Intervention de François Asensi

Séance en hémicycle du 7 avril 2016 à 9h30
Accession de la france au protocole sur le statut des quartiers généraux militaires internationaux créés en vertu de l'otan — Discussion générale

Photo issue du site de l'Assemblée nationale ou de WikipediaFrançois Asensi :

Aujourd’hui, l’OTAN persiste à vouloir intégrer l’Ukraine à son dispositif. L’organisation prévoit un investissement substantiel de 3 milliards d’euros, destiné à renforcer massivement sa présence militaire en Pologne et dans les pays baltes. Soutenir cette politique risque au contraire de braquer la Russie et de nous entraîner dans une spirale de démonstration de force.

En cas de conflit, notre marge de manoeuvre diplomatique sera réduite à néant. L’OTAN, véritable courroie de transmission du Pentagone, imposera sa loi.

L’OTAN n’apparaît plus comme un outil adapté dans un nouvel ordre mondial multipolaire.

Ce retour est un contresens stratégique : la réintégration totale de la France dans l’OTAN, organisation subordonnée aux objectifs politiques et stratégiques de la première puissance mondiale, phagocyte toute possibilité d’une défense européenne fondée sur l’indépendance et la sécurité collective.

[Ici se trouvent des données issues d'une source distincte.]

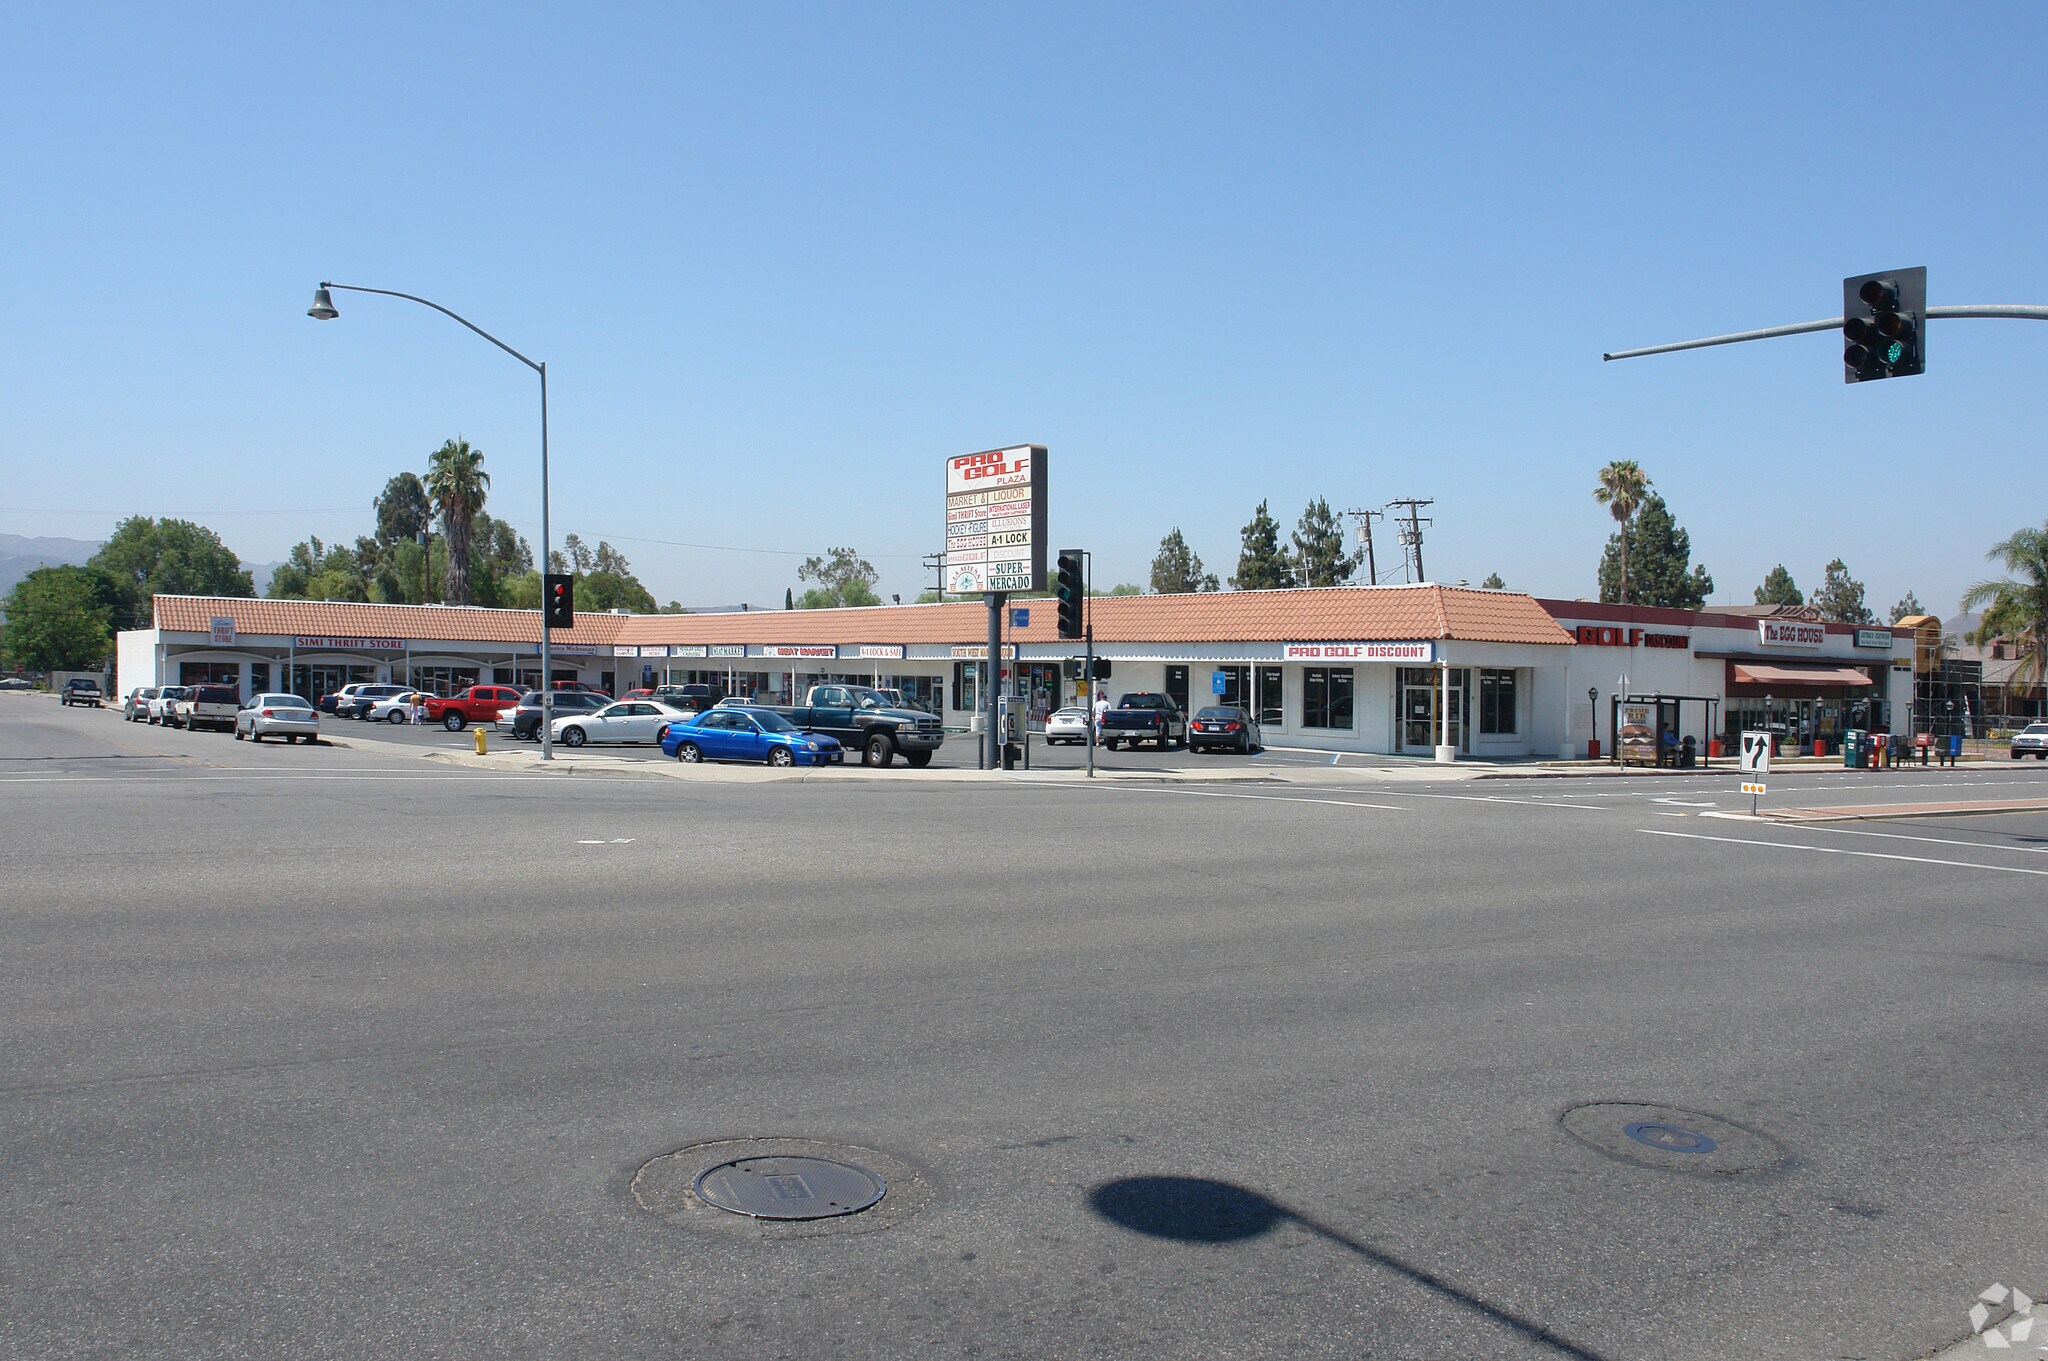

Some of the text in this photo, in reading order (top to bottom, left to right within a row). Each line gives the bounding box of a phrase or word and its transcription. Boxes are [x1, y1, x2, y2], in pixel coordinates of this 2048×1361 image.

Dans ces conditions, le projet de loi portant ratification du protocole de Paris n’est-il pas stratégiquement inutile et politiquement inacceptable ? L’OTAN n’apparaît pas comme l’organisation capable d’avancer vers un monde plus juste, plus solidaire et de faire progresser la paix et le désarmement. Bien au contraire, cette allégeance vis-à-vis de l’OTAN enferme la pensée géopolitique et stratégique française dans le carcan d’une vision culturaliste de l’état du monde largement fondée sur le choc des civilisations.

Quand les dirigeants français se cantonnent au constat d’un panorama mondial chaotique et menaçant, ils ferment la porte à tout espoir de paix. Dans un monde multipolaire, la communauté internationale attend tout autre chose de notre diplomatie : une parole souveraine, libre et indépendante de la France en faveur du droit des peuples à disposer d’eux-mêmes.

Définir une politique extérieure progressiste nécessite d’interroger les causes des bouleversements qui traversent notre monde pour agir sur elles : sur les causes de l’aggravation de la crise socio-économique, de l’affaiblissement et de l’effondrement des États, de la résurgence de la montée des nationalismes et des intégrismes, des guerres, des attentats et du fanatisme qui entraînent des migrations comme celles que nous connaissons aujourd’hui.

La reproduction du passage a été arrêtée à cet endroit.